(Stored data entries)

* * * * * * * * *

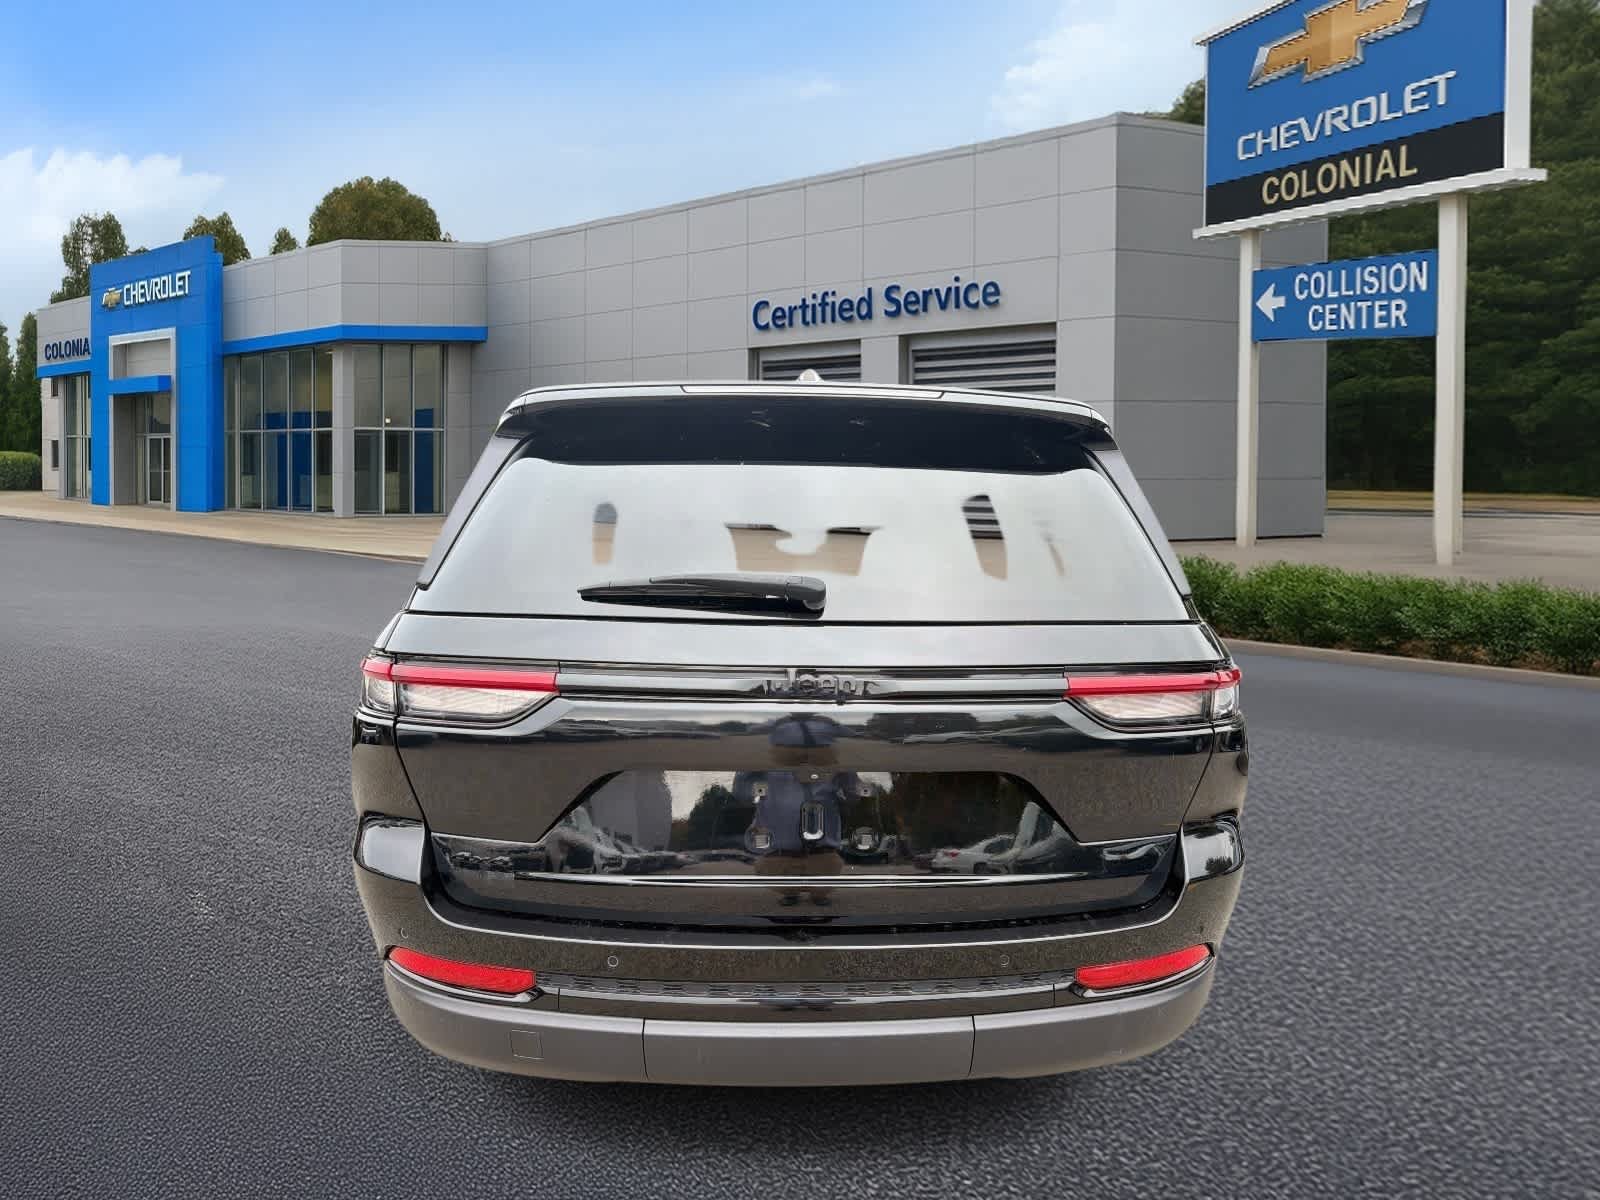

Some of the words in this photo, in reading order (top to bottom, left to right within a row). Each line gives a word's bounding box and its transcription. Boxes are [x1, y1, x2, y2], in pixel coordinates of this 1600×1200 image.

[1237, 70, 1457, 160] CHEVROLET
[1261, 145, 1418, 205] COLONIAL
[123, 270, 191, 306] CHEVROLET
[752, 287, 873, 331] Certified
[883, 275, 1001, 318] Service
[1294, 260, 1428, 301] COLLISION
[1308, 299, 1408, 331] CENTER
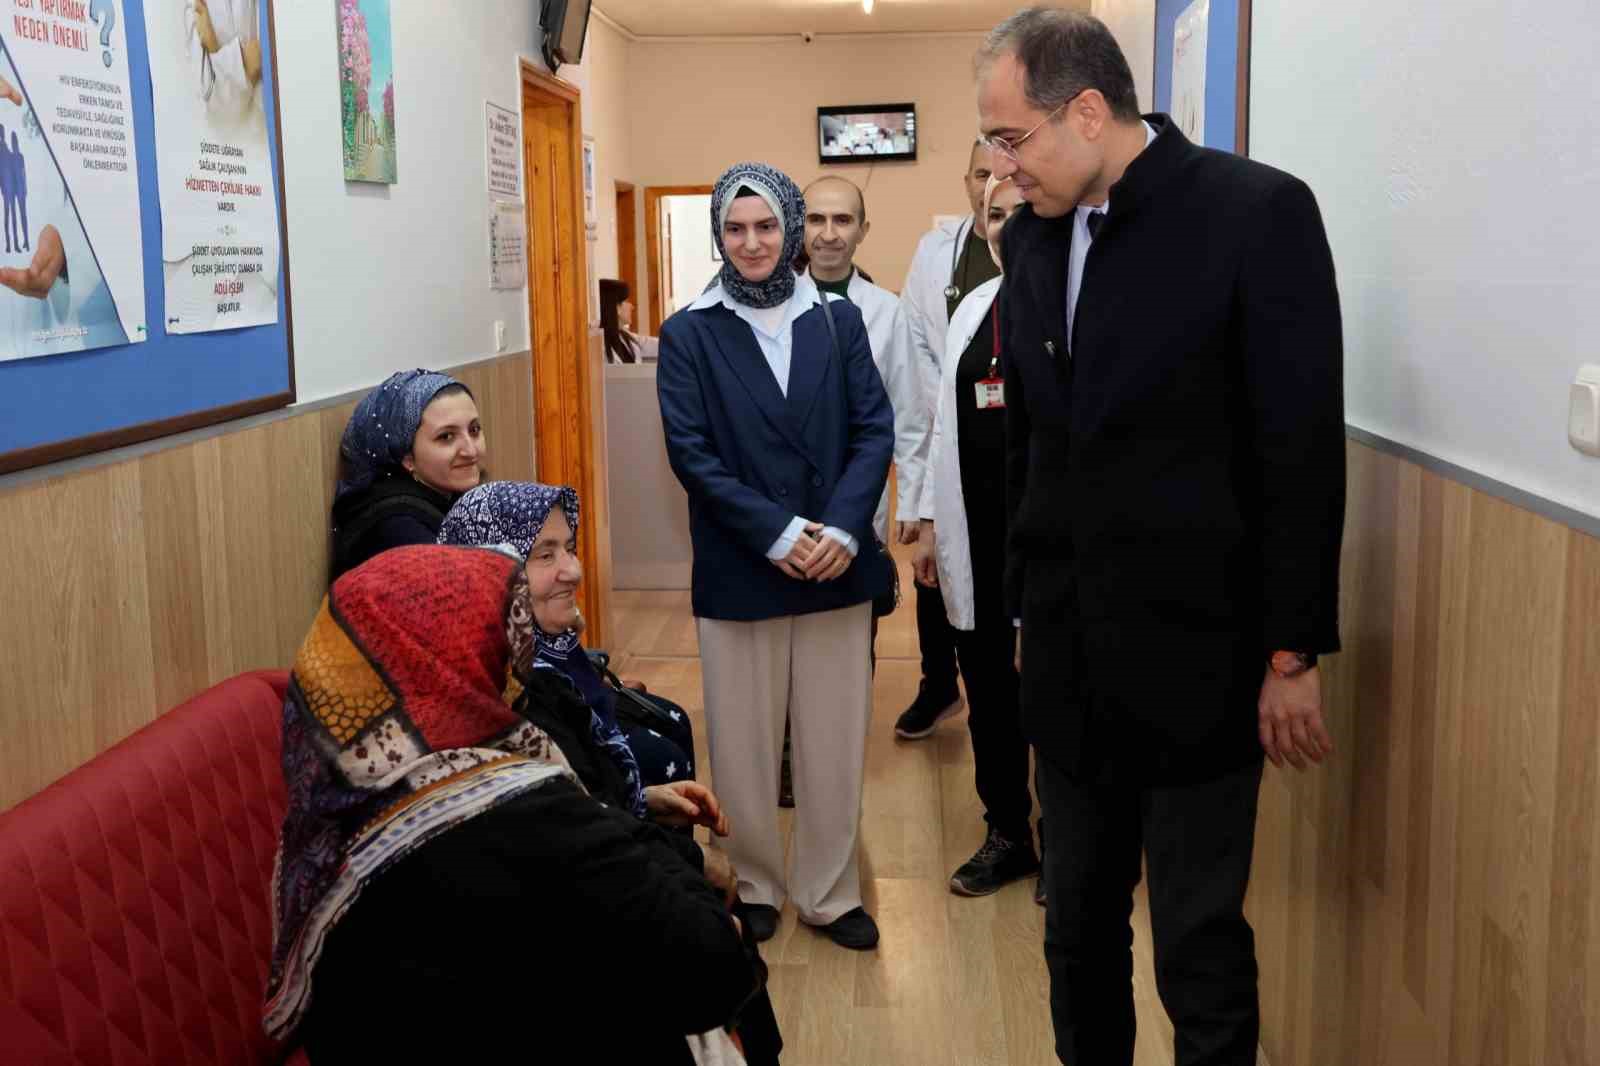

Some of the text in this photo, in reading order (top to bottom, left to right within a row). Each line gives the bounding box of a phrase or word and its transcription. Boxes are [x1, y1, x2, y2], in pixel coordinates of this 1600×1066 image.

[14, 14, 88, 52] NEDEN ÖNEMLİ
[199, 159, 216, 171] SAĞLIK
[185, 176, 219, 193] HİZMETTEN
[210, 245, 239, 257] UYGULAYAN
[192, 263, 213, 276] ÇALIŞAN

* * * * * * * * *

• What the exercise asks
With the pictures left out, return each entry exactly as written.

• Solution to this task
Some of the words in this photo, in reading order (top to bottom, left to right within a row). Each line gives a word's bounding box and its transcription. Boxes are [x1, y1, x2, y2], in pixel coordinates of this 1600×1200 image.

[1237, 70, 1457, 160] CHEVROLET
[1261, 145, 1418, 205] COLONIAL
[123, 270, 191, 306] CHEVROLET
[752, 287, 873, 331] Certified
[883, 275, 1001, 318] Service
[1294, 260, 1428, 301] COLLISION
[1308, 299, 1408, 331] CENTER

Some of the text in this photo, in reading order (top to bottom, left to right within a row). Each line gives the bounding box of a phrase or word and its transcription. Boxes are [x1, y1, x2, y2], in pixel coordinates of this 1600×1066 image.

[14, 14, 88, 52] NEDEN ÖNEMLİ
[199, 159, 216, 171] SAĞLIK
[185, 176, 219, 193] HİZMETTEN
[210, 245, 239, 257] UYGULAYAN
[192, 263, 213, 276] ÇALIŞAN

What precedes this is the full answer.